Just how much should you help your children?

My eight-year-old daughter is very unhappy at her school and she has been experiencing high levels of stress in the past few months. We have managed to get her into a new school from next year and she’s excited to move. She is dealing with a lot of feelings at the moment in this struggle: anxiety and sadness about leaving her school and friends, coupled with the disappointment that her school didn’t meet her needs.

struggle

I am doing my best to provide her with methods of reducing stress and increasing happiness. I learnt a great deal during my experience of burnout, so much that I wrote a book about it. I’ve realized through this period in our lives that I need to share my lessons with my family. I’m teaching both my girls a regular gratitude practice that we do on the way home from school every day. I have taught my eldest breathing exercises to do when she’s feeling overwhelmed in the classroom.
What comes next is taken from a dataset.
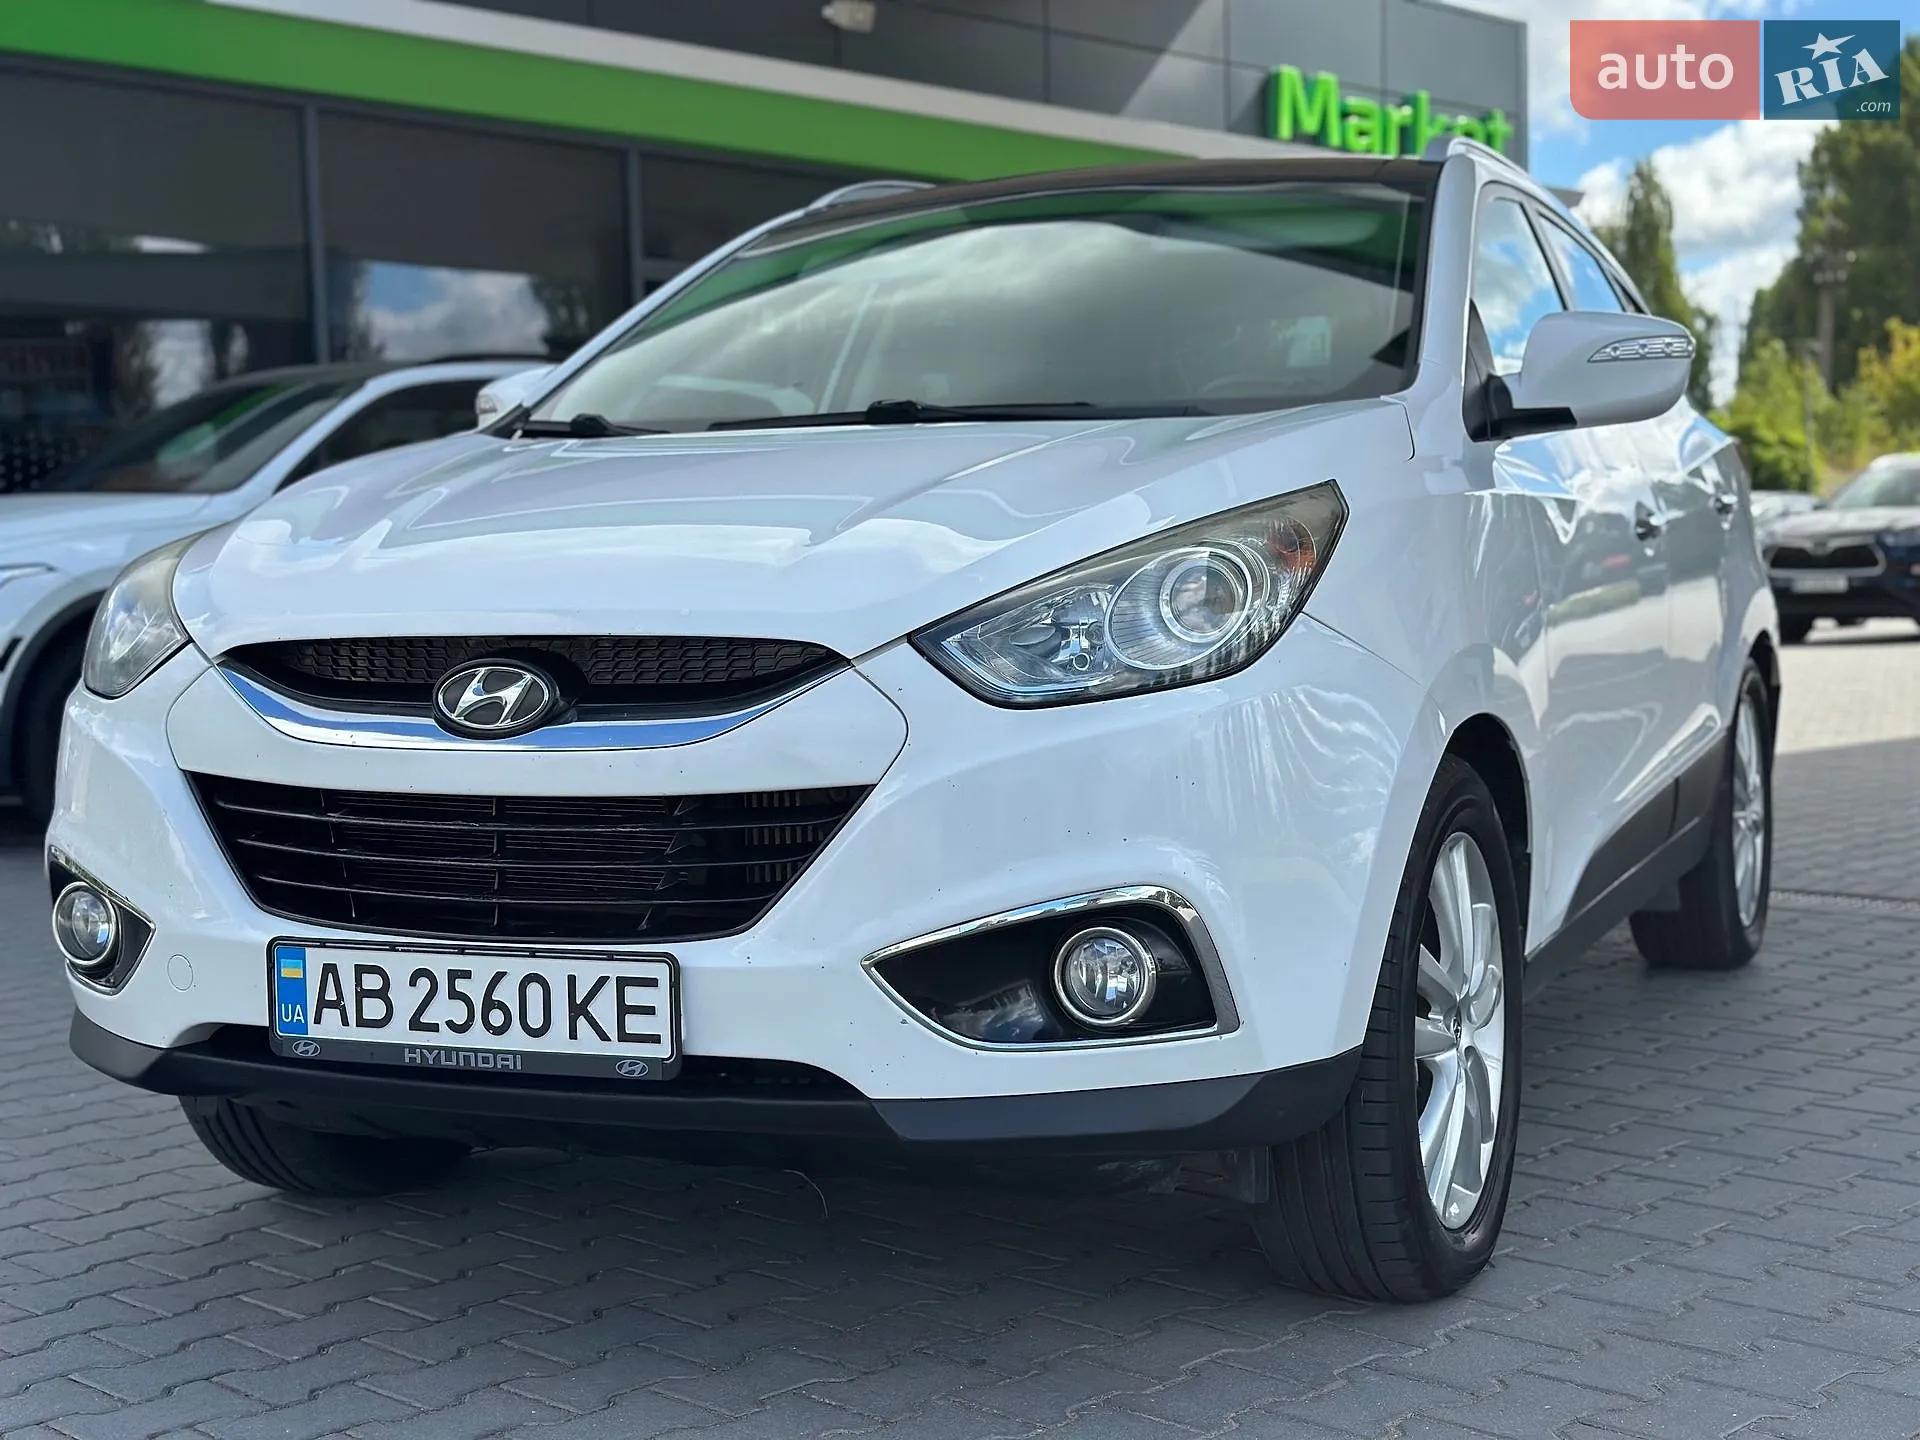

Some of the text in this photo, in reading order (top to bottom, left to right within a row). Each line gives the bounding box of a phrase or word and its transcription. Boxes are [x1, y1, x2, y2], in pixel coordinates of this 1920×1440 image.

[281, 1004, 305, 1024] UA
[313, 962, 661, 1044] AB 2560 KE
[404, 1047, 522, 1071] HYUNDAI
There’s not much more I can do for her in these last few weeks of the school year. I don’t like the concept of crossing days off the calendar because it seems like we are wishing time away and I like to promote being in the moment. However, I’ve started crossing off the calendar to provide her with a visual cue of just how little time is left. I’m hoping it offers her hope that the end of her struggle is near.

I’ve also spoken to her about how struggle makes us stronger. I’ve talked to her about the concept of God giving her this struggle as a way to prepare for bigger struggles later in life. It is my belief that our children choose us and that we are all here to learn lessons. I believe that she chose us as her parents for a reason. When I saw how stress was affecting her health, I immediately began to help her every way I know how. This is what I can offer her.
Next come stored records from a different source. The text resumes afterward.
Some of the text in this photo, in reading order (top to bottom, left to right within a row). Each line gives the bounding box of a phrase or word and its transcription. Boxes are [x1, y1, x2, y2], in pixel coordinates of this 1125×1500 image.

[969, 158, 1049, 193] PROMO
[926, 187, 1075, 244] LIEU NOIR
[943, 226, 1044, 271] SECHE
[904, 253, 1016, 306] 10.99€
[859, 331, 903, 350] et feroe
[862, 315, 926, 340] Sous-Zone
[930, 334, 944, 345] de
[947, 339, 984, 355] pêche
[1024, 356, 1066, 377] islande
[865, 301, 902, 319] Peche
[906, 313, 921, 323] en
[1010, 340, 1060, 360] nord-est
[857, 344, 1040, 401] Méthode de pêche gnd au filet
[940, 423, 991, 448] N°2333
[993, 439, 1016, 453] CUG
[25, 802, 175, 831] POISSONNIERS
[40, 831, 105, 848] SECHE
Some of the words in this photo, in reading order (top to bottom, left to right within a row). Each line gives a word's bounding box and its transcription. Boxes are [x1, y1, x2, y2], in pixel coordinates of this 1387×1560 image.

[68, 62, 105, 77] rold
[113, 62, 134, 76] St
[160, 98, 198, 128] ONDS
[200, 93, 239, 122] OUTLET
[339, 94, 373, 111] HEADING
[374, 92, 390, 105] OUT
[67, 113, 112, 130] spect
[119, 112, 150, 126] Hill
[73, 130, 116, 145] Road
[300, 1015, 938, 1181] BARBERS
But how much must I help her and how much is she meant to struggle through on her own? As a parent we want to remove pain and suffering. I’ve felt tempted to pull her out of school altogether. But perhaps she is learning how to persevere through hardships and I don’t want to take that away from her. The trouble is that she is really unhappy and it shows even in her body language. All weekend she is happy and bouncy and on Monday morning her shoulders slump and she’s tearful at the drop off.

It’s one of the hardest things to do as a parent to watch your child suffer. I really feel for parents who are enduring such difficulties as drug and alcohol abuse, eating disorders, depression and self-harm. We want our children to make their own decisions and to learn how to cope with life’s challenges. But we also want to save them from pain. Sometimes we can take away the lessons in taking away the suffering.

struggle

I’m finding it very hard to help her because I’m not in the classroom and I can’t be there to comfort her and reassure her when she’s drowning. The frustrating part is that she is doing so well academically and doesn’t seem to realize it. How do I get across to her that this too shall pass and that being perfect is an illusion? I have an inkling of where this perfectionism comes from and I know that children don’t do what you say but rather what you do. I thought I’ve come a long way in the past few years as I changed my life for the better. But perhaps she’s still seeing my desire to achieve and my frustration of how stress affects my output.

Parenting becomes so much more complex the older a child gets. It pushes us to evolve and to find better ways to model good behaviors. I don’t have the answers about how much we intervene to  mitigate the pain and how much we wait to see how they grow from struggle. It’s a fine balance to provide enough support and encouragement and to allow them to grow as people. I’m not sure I’m getting it right but I’m doing everything I can do to help her through this difficult patch.